He set up a consulting engineering practice in Westminster in 1842 then three years later Joseph Bazalgette got married to Maria Kough (at St Margaret’s in Westminster.) His practice is involved in canal projects and at Portsmouth Dockyard and he is also heavily involved in railway developments but overwork leads to a mental breakdown and recuperation for a year at Merton in Surrey. He returns to join the Metropolitan Commission of Sewers eventually becoming engineer in 1852. In 1855 comes the creation of the Metropolitan Board of Works (MBW) which is tasked to make sure that over a hundred square miles of London has the right roads, lighting, bridges, tunnels and crucially, sewers. Championed by fellow French descended engineering genius Isambard Kingdom Brunel, Joseph Bazalgette is elected on a salary of £1000 a year as its chief engineer.
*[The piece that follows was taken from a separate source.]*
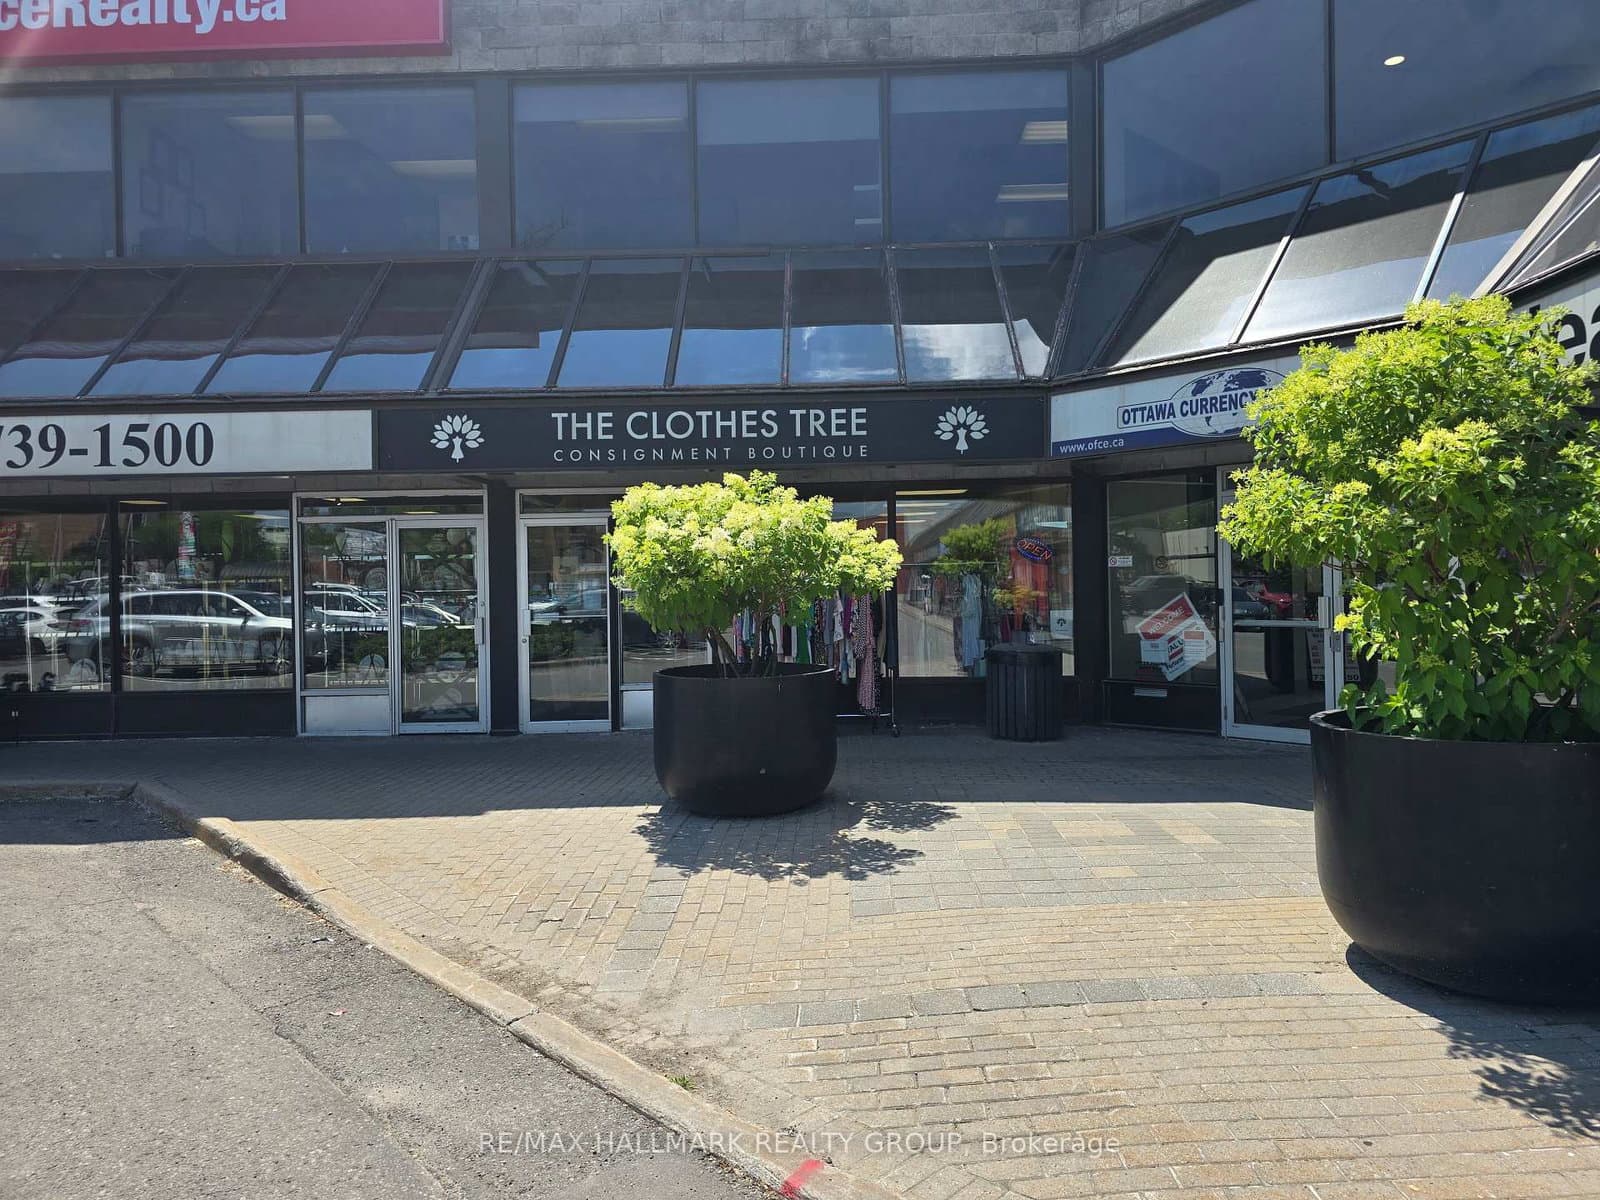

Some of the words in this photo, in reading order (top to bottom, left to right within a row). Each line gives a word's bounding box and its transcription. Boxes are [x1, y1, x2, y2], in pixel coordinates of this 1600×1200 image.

Over the next three decades, he will transform London.
The Thames Embankments
1858 is the year of ‘The Great Stink’ when a hot summer magnifies the stench of untreated human sewage overwhelming everyone including the Members of Parliament at Westminster where lime-soaked curtains fail to alleviate the smell. The legislation is quickly passed that enables Bazalgette to implement his solution of embanking the Thames in Central London and work began on 31 January 1859. The southern sections (Albert Embankment) were completed in 1868 but the more complex northern sections are finally complete in 1874 (Chelsea Embankment)
Memorial Lamp Post on Chelsea Embankment.
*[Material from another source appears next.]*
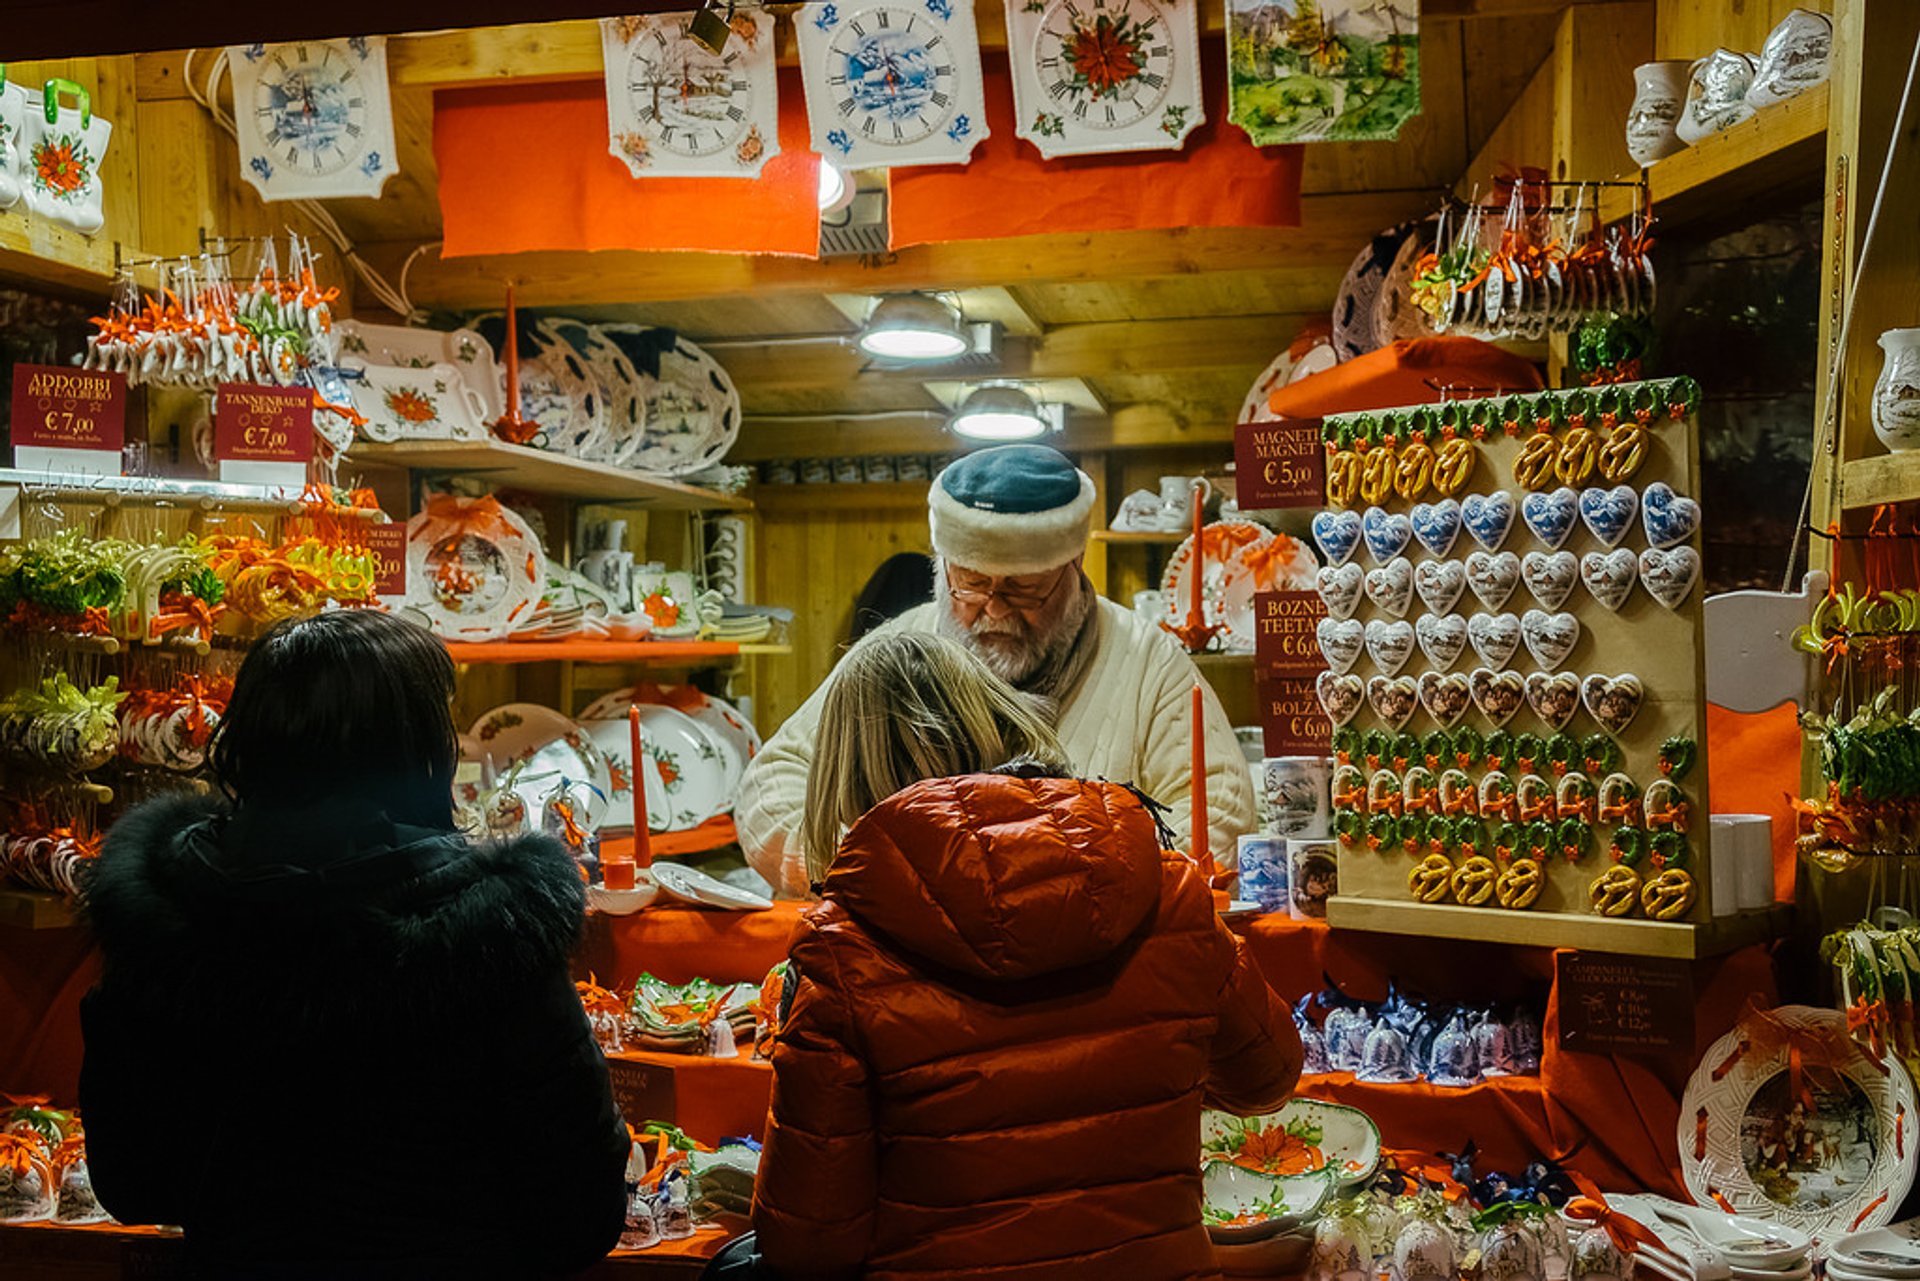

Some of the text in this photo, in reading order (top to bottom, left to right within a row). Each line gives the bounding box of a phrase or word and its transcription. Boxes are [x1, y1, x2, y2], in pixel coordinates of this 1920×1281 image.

What we call the Embankment (officially the Victoria Embankment) between Westminster and Blackfriars Bridges was completed in 1871. In total, 3.5 miles of Embankment, 52 acres of land reclamation and 1300 miles of sewers and 82 miles of main interceptor sewer.
Joseph Bazalgette’s name on the Albert Embankment near Westminster Bridge
Perhaps Bazalgette’s real genius was that he deliberately over engineered. He worked out the size of pipe for the most densely populated part of the network and doubled it and then applied it across the network. He also used egg shaped tunnels, wide at the top to take the weight of the city. However, his insistence on checking and authorizing every detail himself once again took serious toll on his health.
A plan of the Thames (Victoria) Embankment. Picture courtesy of WikiCommons
Other London Projects
But it is not just the sewage system, monumental though it was that we should remember this extraordinary man for. He initiated a programme of design and construction of several new thoroughfares to ease congestion in London, many of which are still familiar to us today. Southwark Street, Queen Victoria Street, Northumberland Avenue, Shaftesbury Avenue and Charing Cross Road all owe their existence to him.
In 1877 the MBW was given the authority to purchase Thames bridges from private companies and make them toll free. Bazalgette had to survey twelve river crossings and subsequently much needed maintenance work was undertaken while he completely replaced three crossings with structures of his own.
Putney (1886)
Battersea (1890)
and my beloved Hammersmith Bridge (1887) (see Hammersmith Bridge | Bridgeman Tours ) are all his work.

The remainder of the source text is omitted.